Venous thromboembolism prophylaxis around the time of caesarean section: a survey of current practice. (289)

Tanya Nippita 1 2 , Sean Seeho 1 2 , Natasha Nassar 1 , Christine Roberts 1 , Jonathan Morris 1 2
  1. Perinatal and Population Health, Kolling Institute, Sydney, NSW, Australia
  2. Department of Obstetrics and Gynaecology, Royal North Shore Hospital, St Leonards, NSW, Australia

BACKGROUND

Pregnancy, the postpartum period and caesarean section (CS) are risk factors for venous thromboembolism (VTE). Although rare, VTE is a leading cause of maternal death in Australia. There is a lack of data regarding VTE prophylaxis around the time of caesarean birth.

AIM

This study aims to describe the practice of obstetricians with regards to VTE prophylaxis during and following caesarean birth.

METHODS

An online survey was sent to all Fellows and Trainees of the Royal Australian and New Zealand College of Obstetricians and Gynaecologists (RANZCOG). Questions were related to VTE prophylaxis use based on various scenarios and intention to include patients in randomised controlled trials.

RESULTS

Of those emailed, 596 (28%) responded. During CS, 49% recommended intermittent calf compression and 80% graduated or thromboembolic deterrent (TED) stockings compared to 25% and 88%, respectively following CS. Low molecular weight heparin (LMWH) use varied, with 42-65% of respondents recommending LMWH for any length of time postpartum.
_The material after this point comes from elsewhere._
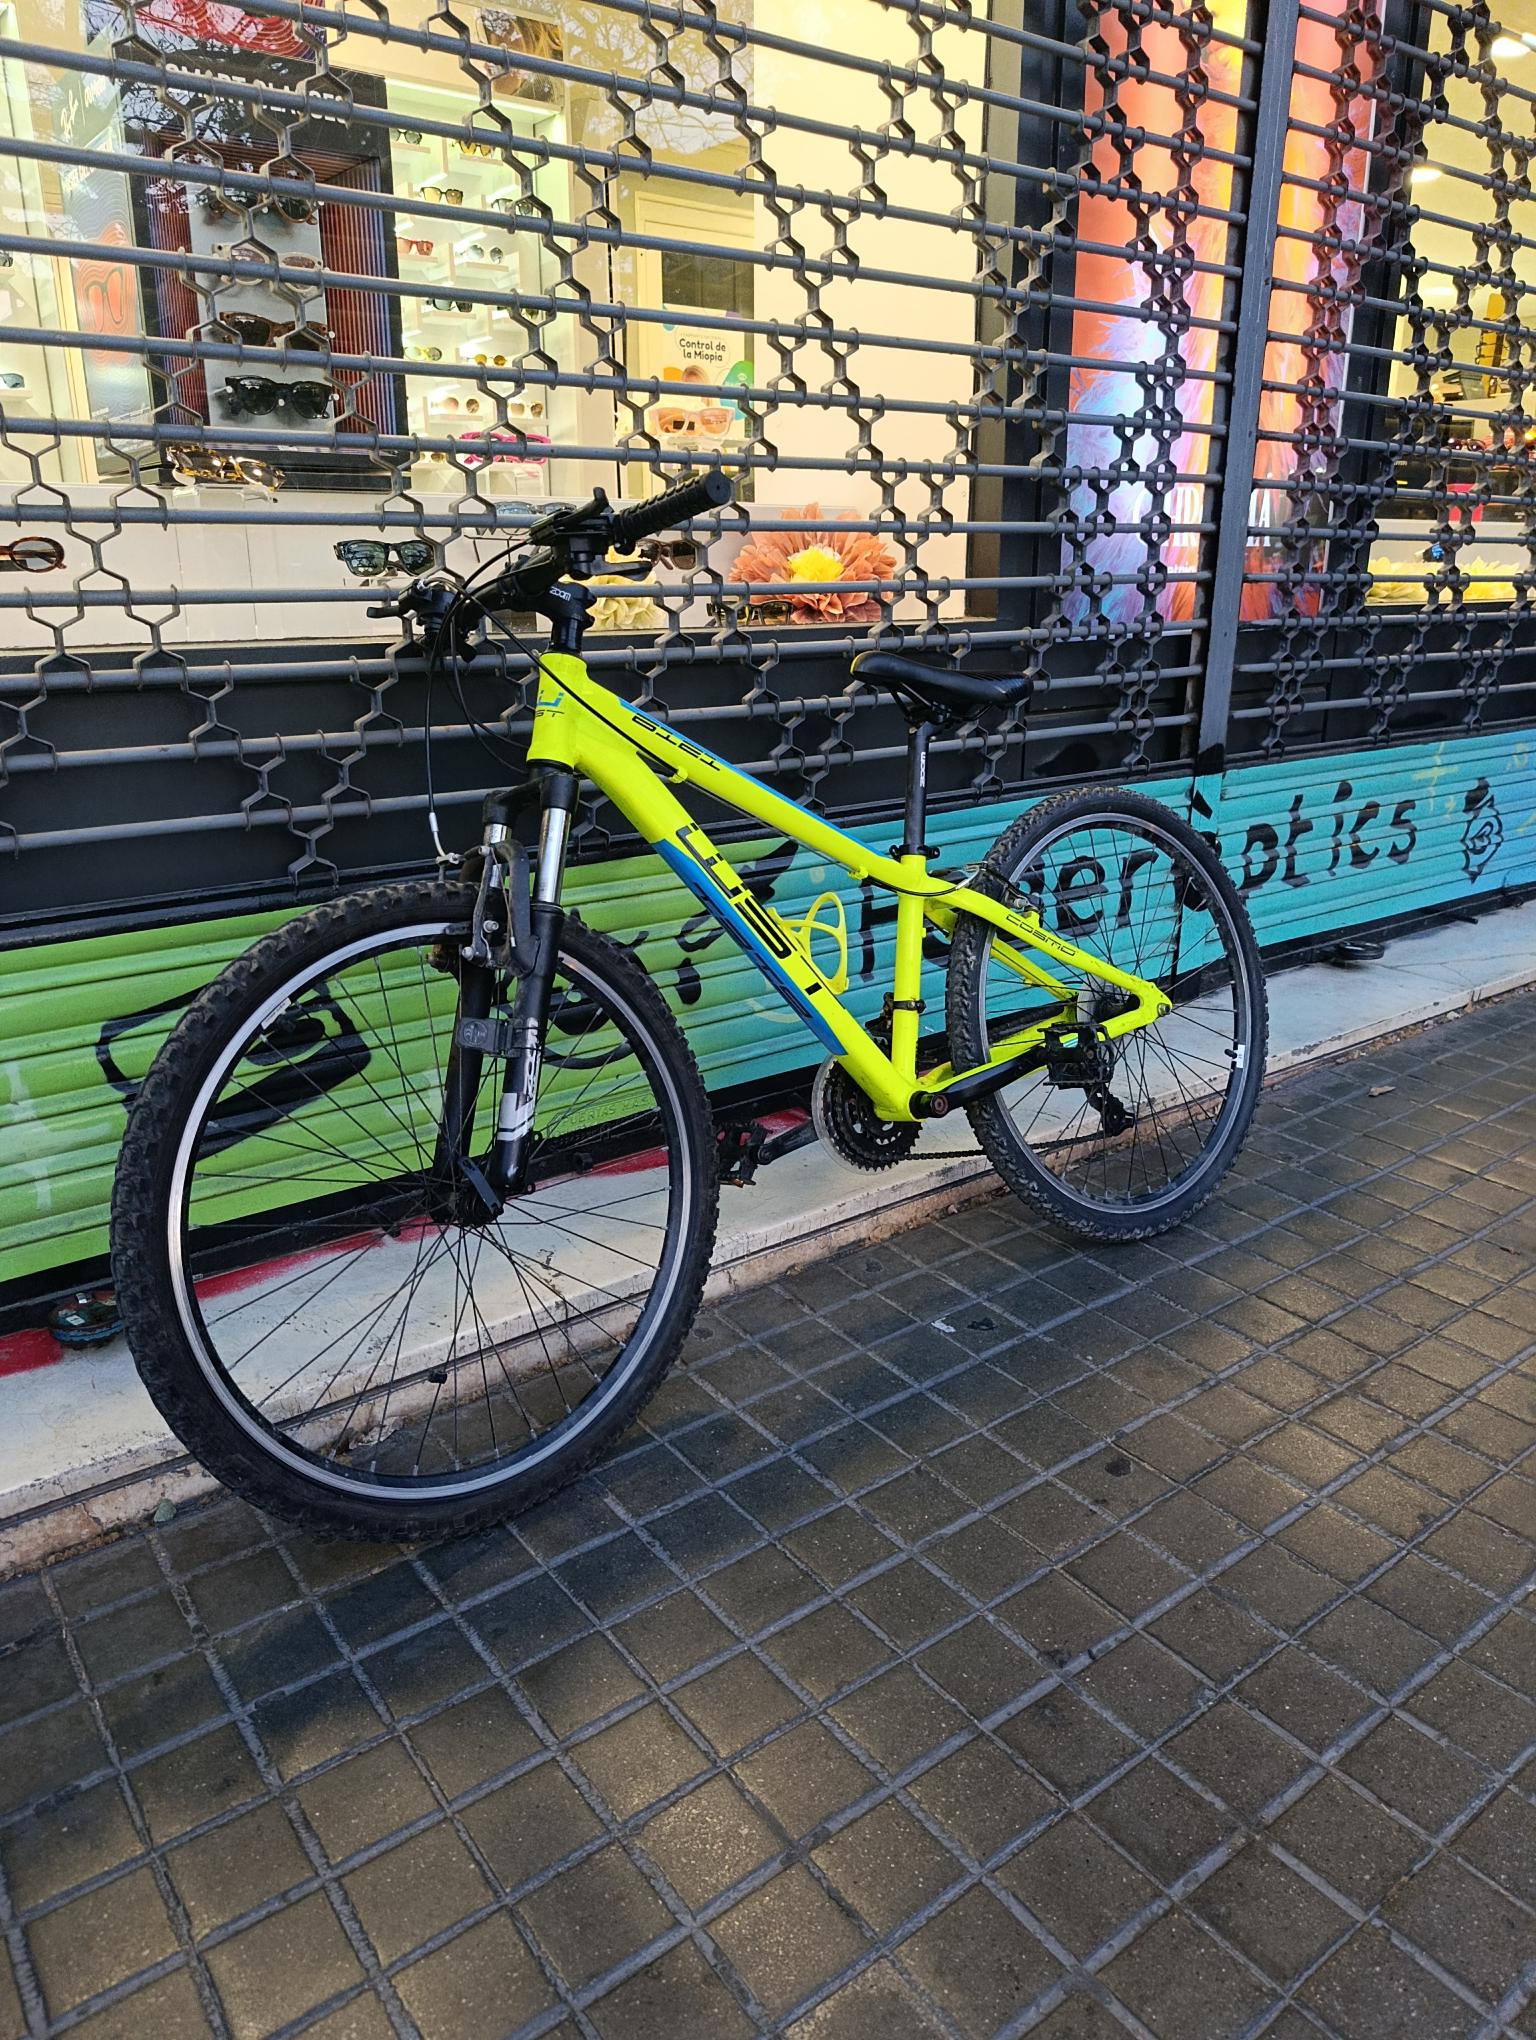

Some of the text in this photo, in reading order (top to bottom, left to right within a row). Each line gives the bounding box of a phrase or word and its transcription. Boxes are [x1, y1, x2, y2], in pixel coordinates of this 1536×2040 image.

[679, 338, 726, 352] Control de
[683, 349, 723, 363] la Miopia
Factors that increased usage of LMWH were BMI (OR 1.7; 95%CI 1.6-1.9) and after emergency CS (OR 1.3 95%CI 1.2-1.4). Maternal age or preeclampsia did not impact practice. 58-79% of respondents would be willing to recruit patients to a randomised trial, but were less likely if patients had an increased BMI or an emergency CS.

CONCLUSION

There is variation in use of non-pharmacological and pharmacological methods of VTE prophylaxis for women around the time of CS, with LMWH more likely to be utilised for women with increased BMI and after emergency CS.